One of the fun things about having a blog on WordPress.com is the statistics you are provided. Today I logged in and saw that one of the top search terms which led people to my blog was “how to make an atheist become mormon”.

This is an interesting phrase. Search algorithms are very well crafted but the more precise you are in your meaning when performing a web search, the more likely you are to get good results. So I’ll take that random stranger at their word when they say they want to “make” an atheist become Mormon.

Mormons and other would-be proselytisers are at a disadvantage, so I will lend them a hand. Really. No tricks. I’ll just explain it. There are two major categories of people who don’t believe in any kind of deities. There are those who were once believers and now are not, and there are those who never believed in any kind of deity. There are also two major problems with attempting to convince someone to discard their beliefs and adopt yours. There are probably lots of more nuanced categories in between my generalisations, but let’s just start from there.

To any would-be missionaries who find this blog using these search terms: you can’t “make” anyone become a Mormon (or a Christian, or a Hindu, or any. But you know this already. Even at church among yourselves you’d be wary of using these terms because it implies force and denial of free will. A forced conversion isn’t genuine and therefore isn’t valid, since membership in a religion is meant to be based on sincere belief. For someone who once had faith but then lost it enough to where they feel comfortable calling themselves an atheist, regaining the sort of absolute faith Mormons tend to idealise is so rare as to approach impossibility. Many people who never had any faith need to be persuaded to add invisible gods and demons where they have never seen any. This is also difficult because, tempting though the promise of eternal life may be, unless a person been raised to fear the punishment of Hell and the disapproval of an ever-watching Big Brother figure, there is little incentive to begin adding these fears to one’s life.
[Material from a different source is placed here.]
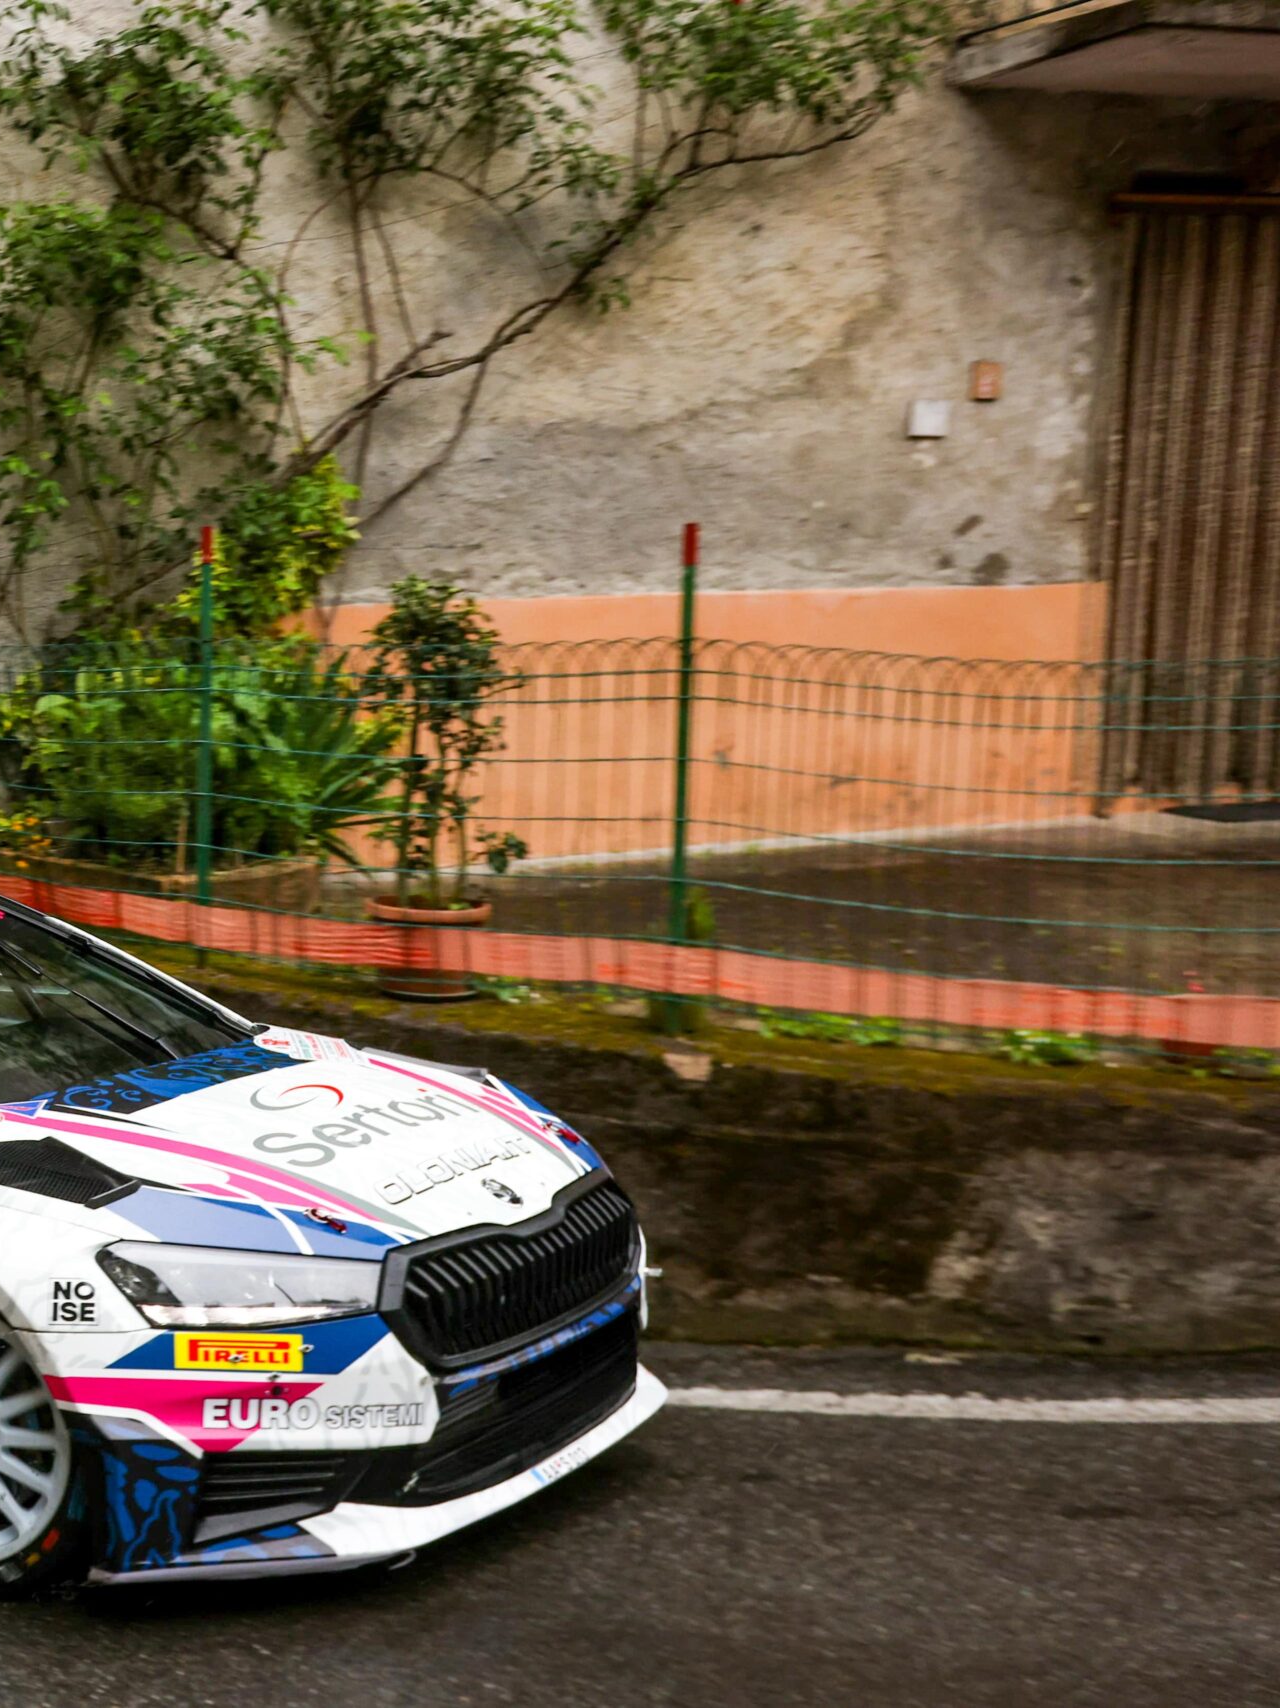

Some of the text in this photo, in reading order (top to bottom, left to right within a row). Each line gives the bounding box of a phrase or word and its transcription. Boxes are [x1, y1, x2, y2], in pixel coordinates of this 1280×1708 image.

One major problem with proselytising is that forced or not, it is an attempt to remove a person’s current worldview and replace it with something else. This shows deep disrespect, even contempt, for the intellect and ethics of the target for conversion. Just the other day two Jehovah’s Witnesses turned up at my door. They tried to shove a tract into my hand. I smiled at them and said, “I’ve spent a lot of time thinking about my beliefs and worldview, and I feel confident in the decisions I’ve made.” They were genuinely baffled, as if nobody had ever said this to them before. They tried to press their point, so eventually I had to be more clear. I told them that I knew who they were, I knew what they were trying to persuade me to think, and that I disagreed with it so much that even if it were hypothetically true, I wouldn’t go along with it anyway. I was not rude, but they seemed genuinely incapable of how rude they were to try to spoil my Saturday with showing up uninvited to show contempt for my beliefs by trying to supplant them with their own. They scooted off after that, and I doubt they will be back.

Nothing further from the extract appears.